Selasa, 01 Oktober 2019

Sejarah Kodifikasi Hadis


SEJARAH KODIFIKASI HADIS :PEMBUKUAN HADIS PADA ABAD II,III,IV,V H
DAN SAMPAI SEKARANG

Zibrahim
A.Pendahuluan
          Jonathan Brown menyimpulkan bahwa kitab Hadis karya al-Bukhârî dan Muslim sejak awal merupakan cerminan konstruksi identitas Sunnî, khususnya di kalangan sarjana Muslim yang berafiliasi mazhab pada al-Syâfi‘î dan dimulai secara terbatas oleh jaringan murid-murid al-Syafi‘î dan Ahmad ibn Hanbal. Kedua kelompok ini sepakat bahwa al-Shahîhnya sebagai dasar untuk mengenali aturan hukum (fikih) otentik dari Nabi. Kesepakatan ini kemudian diikuti oleh mazhab lain sebagai alat ukur otentisitas dan otoritas sumber hukum.
Tulisan ini menjelaskan faktor-faktor pembentuk dominasi fikih dalam periwayatan dan pembukuan Hadis tersebut, diawali dengan memaparkan konsensus mayoritas umat Islam generasi awal terhadap kitabkitab Hadis yang dijadikan pegangan umat Islam dalam Hadis. Selanjutnya, tulisan ini akan melihat akar orientasi fikih dalam periwayatan Hadis sejak masa sahabat, pengaruh formalisasi madrasah fikih pada penulisan Hadis, dan dominasi fikih yang menjadi arus utama penulisan kitab Hadis.

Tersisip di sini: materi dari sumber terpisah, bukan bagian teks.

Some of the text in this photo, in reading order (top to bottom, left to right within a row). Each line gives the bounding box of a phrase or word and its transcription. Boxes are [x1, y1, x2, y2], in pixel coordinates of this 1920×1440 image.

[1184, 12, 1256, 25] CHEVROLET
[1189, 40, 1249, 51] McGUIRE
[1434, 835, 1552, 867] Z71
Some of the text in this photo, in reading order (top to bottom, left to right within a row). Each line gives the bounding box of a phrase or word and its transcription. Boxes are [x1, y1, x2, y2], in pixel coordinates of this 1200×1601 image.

Pada awalnya, kitab Hadis yang diakui oleh ulama dan dikenal sebagai kitab standar Hadis hanya empat yang kemudian dikenal dengan istilah al-Kutub al-Arba‘ah.[1]

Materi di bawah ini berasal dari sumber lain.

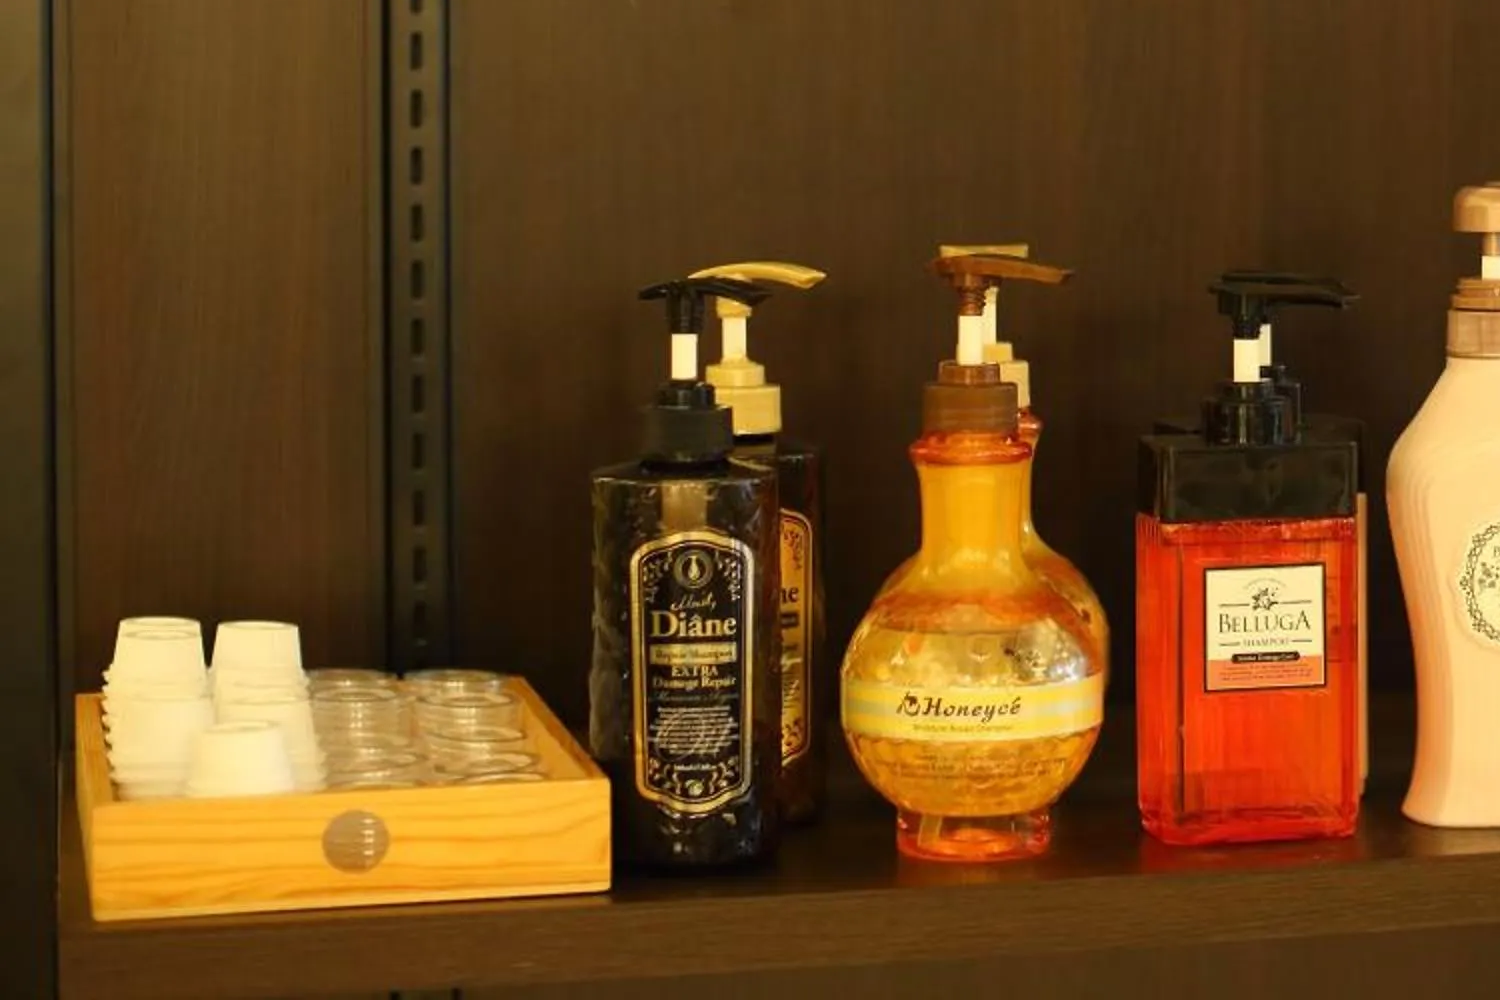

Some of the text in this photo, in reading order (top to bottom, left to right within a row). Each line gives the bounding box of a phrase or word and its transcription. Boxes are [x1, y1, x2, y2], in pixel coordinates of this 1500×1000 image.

[651, 610, 737, 637] Diâne
[1219, 610, 1311, 634] BELUGA
[671, 664, 718, 677] EXTRA
[702, 675, 736, 689] Repair
[922, 695, 1021, 723] Honeycé
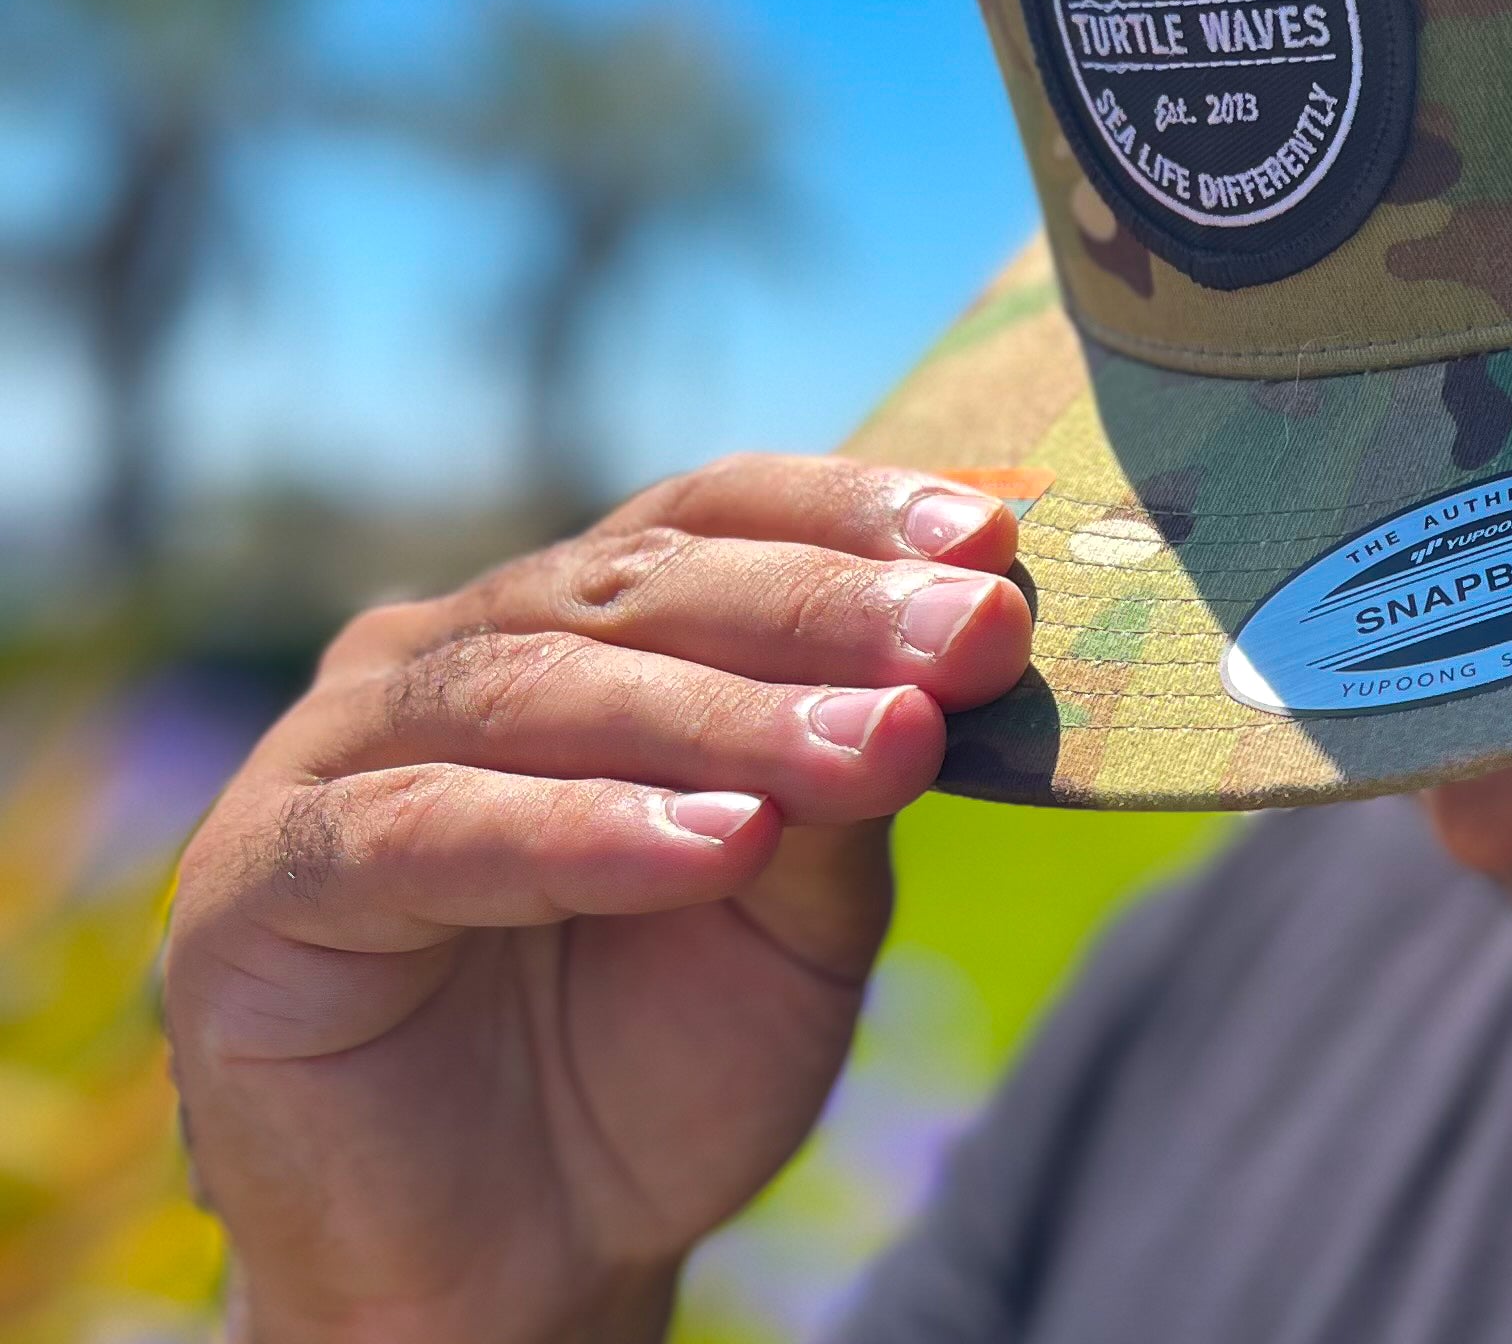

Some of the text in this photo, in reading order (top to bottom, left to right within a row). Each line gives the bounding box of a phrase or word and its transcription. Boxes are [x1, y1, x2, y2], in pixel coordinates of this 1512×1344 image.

[1071, 5, 1331, 55] TURTLE WAVES
[1154, 93, 1260, 132] Est. 2013
[1096, 83, 1338, 209] SEA LIFE DIFFERENTLY
[1346, 529, 1401, 564] THE
[1341, 663, 1477, 698] YUPOONG

Dalam Agama dan filsafat dijelaskan bahwa Islam adalah agama Allah yang diperintahkan-Nya untuk mengajarkan tentang pokok-pokok serta peraturan-peraturannya kepada Nabi Muhammad saw. dan menugaskannya untuk menyampaikan agama tersebut kepada seluruh manusia dengan mengajak mereka untuk memeluknya[2].Harun Nasution mengatakan bahwa Islam menurut istilah adalah agama yang ajaran-ajarannya diwahyukan Tuhan kepada masyarakat manusia melalui Nabi Muhammad saw. sebagai rasul. Islam pada hakikatnya membawa ajaran-ajaran yang bukan hanya mengenai satu segi tetapi mengenai berbagai segi dari kehidupan manusia.Dengan demikian periwayatan hadis sejak masa sahabat dan tabi’in telah dilakukan menggunakan dua cara yakni tertulis dan lisan. Hasil tulisan berupa teks hadis tersebut terus diteliti kebenarannya oleh orang-orang yang mempelajarinya seiring perjalanan waktu[3]. Di sinilah kesamaan pandangan Azami dan Abbott terkait periwayatan hadis secara tertulis dan manuskrip sebagai hasilnya. Abbott yang merupakan peneliti non muslim dan memiliki pandangan sama dengan kalangan peneliti muslim, seperti Azami mendapat penilaian negatif dari kalangan sarjana Barat. Penelitiannya dinilai menggunakan metodologi sama dengan sarjana muslim, sehingga hasilnya juga sama.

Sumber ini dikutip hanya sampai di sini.